Three Indian-origin ex-executives of a Chicago-based health tech start-up have been charged by the federal authorities for their alleged roles in a fraud scheme which involved falsifying the company's financial performance to raise nearly $1 billion in debt and private equity.
The co-founders of Outcome Health Rishi Shah, 33, and Shradha Aggarwal, 34, and former executive Ashik Desai, 26, are among six people accused of fraud "that targeted the company's clients, lenders and investors," the US Department of Justice said on Monday.
"Outcome's former executives and employees allegedly deceived lenders, investors, and their own auditors by falsely representing revenue for additional profit," said Principal Deputy Assistant Attorney General John P Cronan of the Justice Department's Criminal Division.
"The charges announced today demonstrate that lies and deception cannot serve as the basis for any company, including start-up companies, to falsely grow revenue for additional capital and private gain," Cronan said.
Shah and Agarwal co-founded the health care advertising company and owned it in 2015 and 2016, when the alleged fraud occurred.
According to the Justice Department, from 2011 to 2017, the former executives and employees of Outcome sold tens of millions of dollars of advertising inventory that did not exist.
This allegedly resulted in inflated financial statements that the former executives used to raise nearly $ 1 billion in debt and equity financing in 2016 and 2017, it said in a statement.

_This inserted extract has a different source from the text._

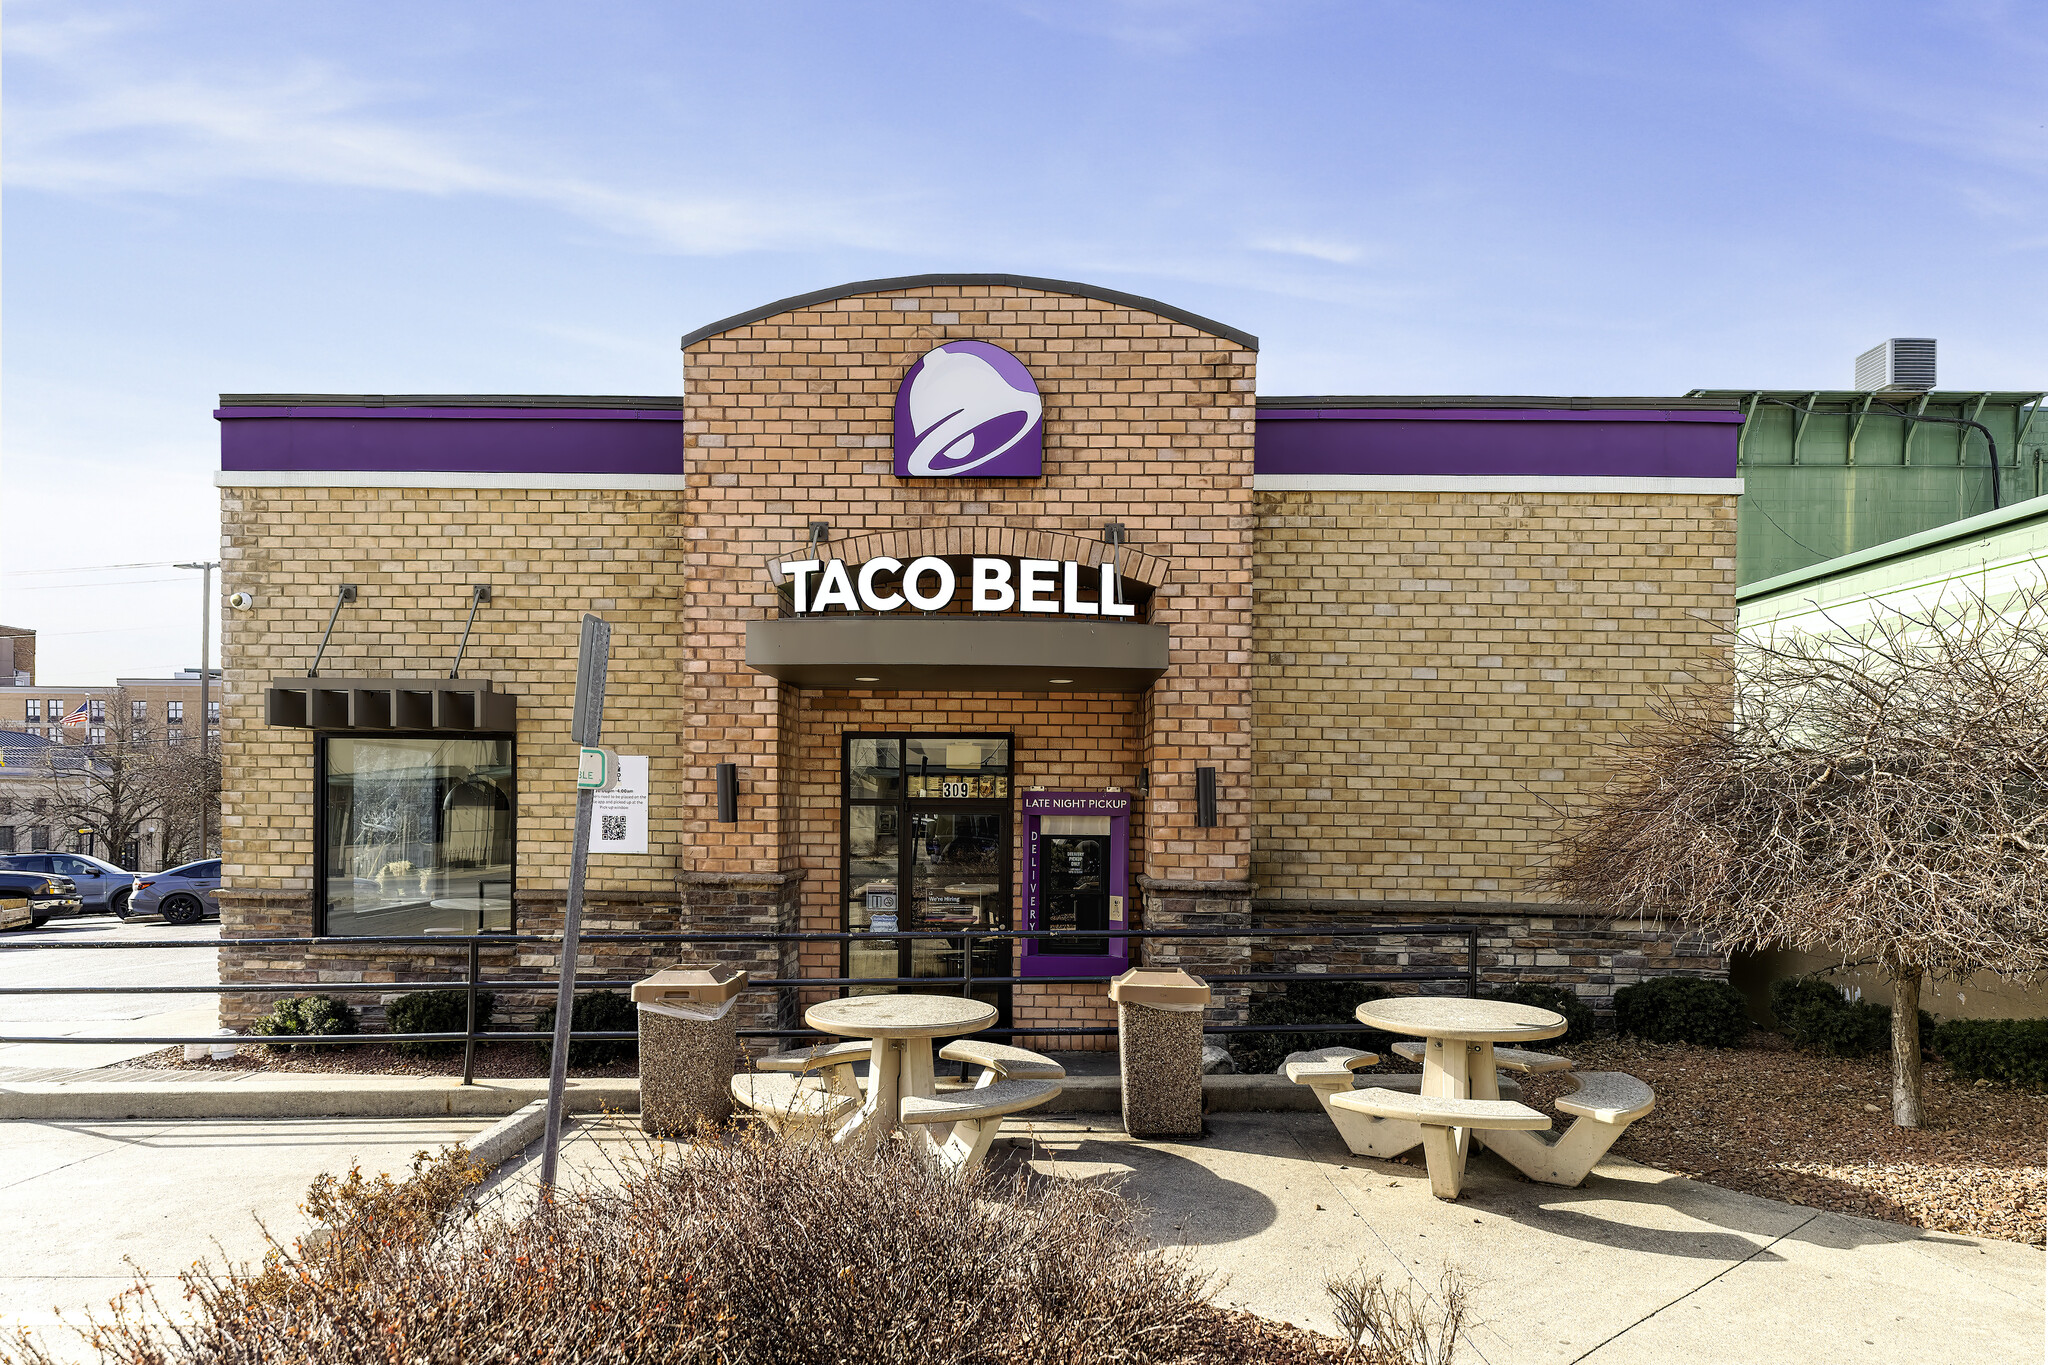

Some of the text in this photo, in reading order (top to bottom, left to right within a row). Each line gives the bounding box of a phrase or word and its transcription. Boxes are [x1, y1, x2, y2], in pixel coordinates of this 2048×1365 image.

[781, 556, 1135, 617] TACO BELL
[944, 783, 968, 797] 309
[1026, 799, 1127, 809] LATE NIGHT PICKUP
[1029, 831, 1038, 931] DELIVERY

"The deception alleged to have been committed by the defendants tricked clients into paying for advertising it failed to deliver and served to falsely inflate the value of Outcome Health," said Assistant US Attorney Brian Hayes, Chief of the Criminal Division for the Northern District of Illinois.
"These charges demonstrate that the FBI and its partners will hold businesses accountable for their misconduct," said Deputy Special Agent in Charge Larry L Lapp of the FBI's Chicago Field Office.

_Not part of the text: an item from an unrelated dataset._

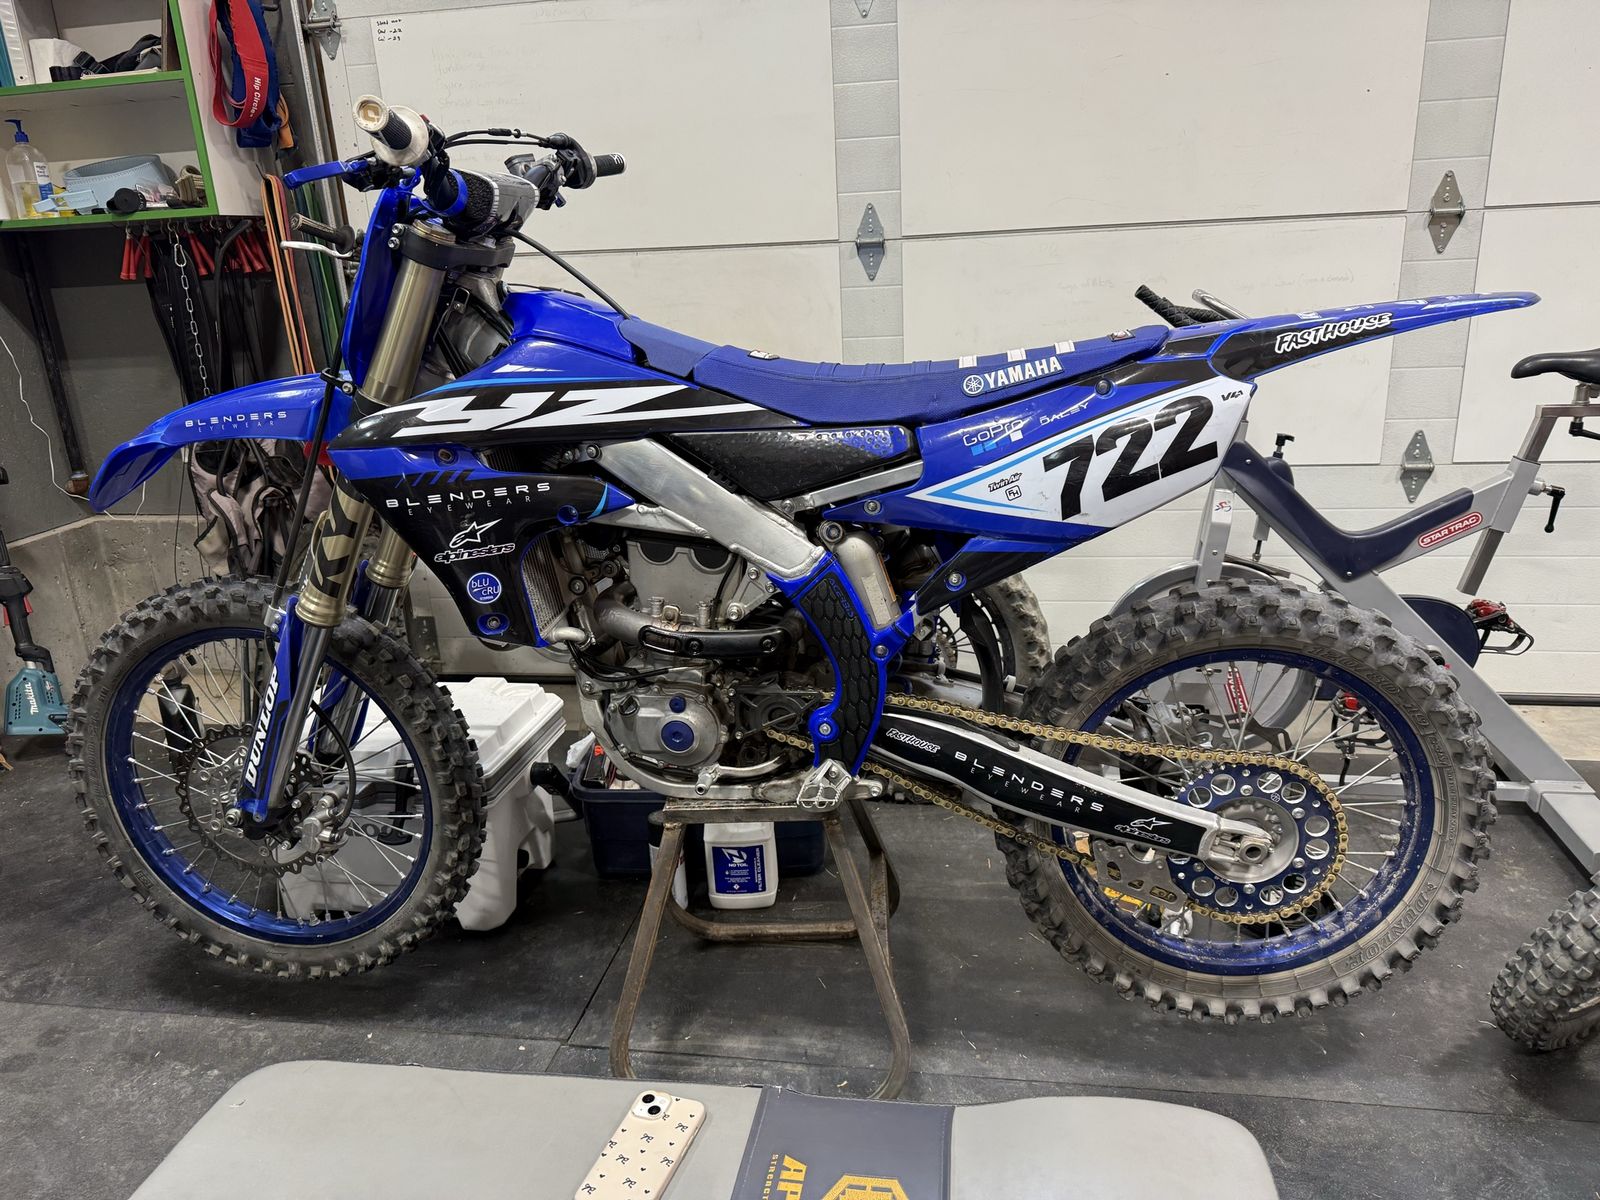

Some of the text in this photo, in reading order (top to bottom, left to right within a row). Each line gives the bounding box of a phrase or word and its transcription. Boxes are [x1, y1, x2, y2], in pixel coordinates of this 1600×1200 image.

The defendants were charged with allegedly over-inflating the company's revenue figures in order to fraudulently obtain loans from banks, said Inspector General Jay N Lerner of the Federal Deposit Insurance Corporation's Office of Inspector General (FDIC-OIG).
Shah, Agarwal and Purdy are each charged with various counts of mail fraud, wire fraud and bank fraud. Purdy is also charged with one count of false statements to a financial institution, and Shah is also charged with two counts of transactions in criminal proceeds. Desai is charged with one count of wire fraud, the statement said.